Drew Johnson and Jon Clay in the Axle office. ( Photo: Axle Logistics )

Two high school friends, one from Access America and one from JB Hunt (NASDAQ: JBHT), both University of Tennessee graduates, founded a brokerage in Knoxville in 2012 that is growing rapidly with a different kind of service offering. Jon Clay and Drew Johnson decided to go into business together one night over beers. 

Clay was a successful broker at Access America, while Johnson, who always wanted to become an entrepreneur, had returned to Knoxville from Charlotte, North Carolina, where he had worked in JB Hunt’s Dedicated Contract Services business. Clay didn’t want to leave but was finally convinced by Johnson to take a risk; they launched Axle Logistics with just enough money to buy McLeod Software’s PowerBroker and provide a few months of runway. Now Johnson serves as Axle’s Chief Executive Officer, and Clay is the Chief Operating Officer. FreightWaves spoke to both executives by phone.

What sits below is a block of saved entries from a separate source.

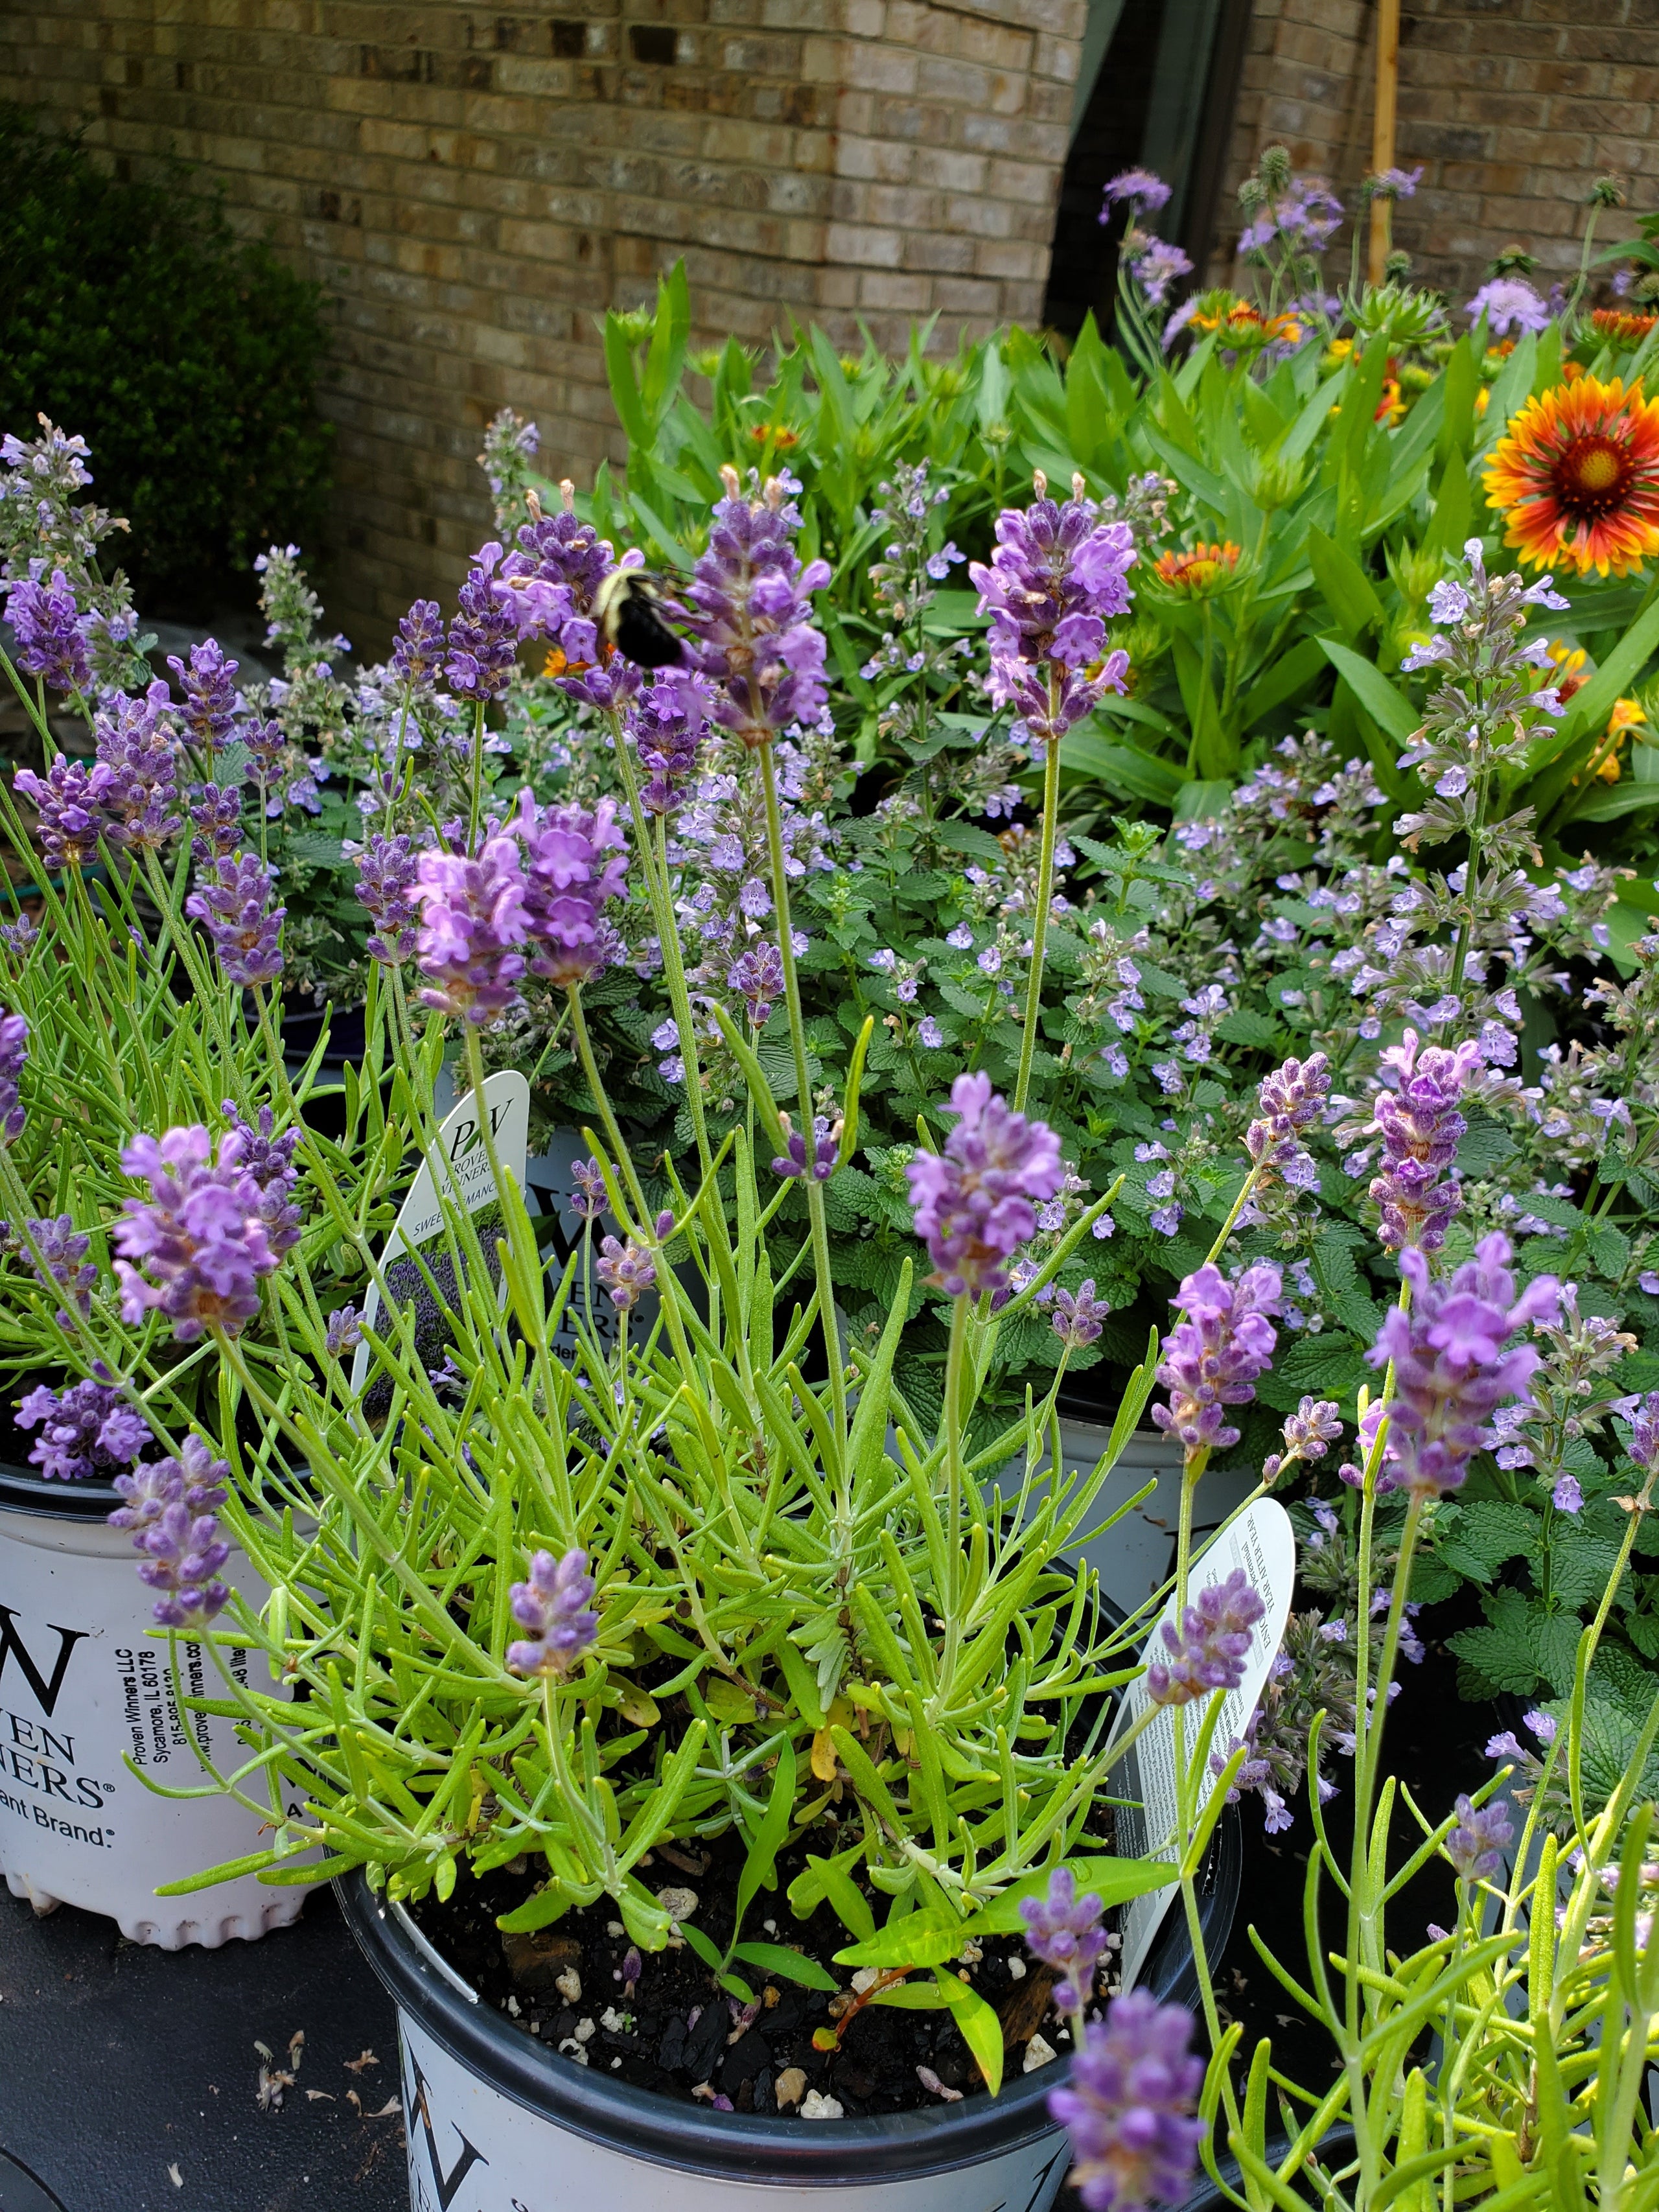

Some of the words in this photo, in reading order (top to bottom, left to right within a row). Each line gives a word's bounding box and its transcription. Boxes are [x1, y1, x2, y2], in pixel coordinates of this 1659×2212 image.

[445, 1150, 488, 1182] ROVE
[413, 1211, 443, 1237] SWEE
[1241, 1538, 1258, 1591] perennial
[1253, 1543, 1267, 1584] AFTER
[1262, 1578, 1275, 1614] YEAR
[1259, 1612, 1271, 1651] ENJO
[115, 1648, 135, 1673] LLC
[139, 1651, 158, 1688] 60178
[122, 1675, 141, 1723] Winners
[145, 1690, 161, 1701] IL
[130, 1725, 148, 1765] Proven
[149, 1704, 171, 1764] Sycamore,

Like many new brokerages, the decision to buy a new authority number caused some early headaches.

“We were being a little naive about our brand new authority number. The first six months was begging factoring companies to work with us,” Clay remembered. “We spent a lot of time paying half up front and then settling up after the load bumped the dock on delivery.” Johnson said that Axle had to grow “slow and smart” at first, adding “we did not have a significant surplus where cashflow didn’t have to be a priority; we had to get profitable as fast as we could.”

Clay had been a broker and Johnson was a graduate of UT’s Supply Chain Management program: they both knew the 3PL sector was crowded with competition. Still, the two friends knew they could do something different. 

“We fully understand what shippers and carriers are looking for and we strive to add value on both sides of that equation,” said Johnson, “There’s various ways of doing that, whether it’s warehousing or doing things typical brokers don’t do, like managing huge drop trailer pools or creating dedicated offerings that are different. We get into the weeds with optimizing people’s networks, determining where they should put their DCs or warehouses and then actually providing the space. We look to be ‘Yes people’ in every regard and that takes us down lots of paths, and we find ourselves in various niches that typical brokerages shy away from.”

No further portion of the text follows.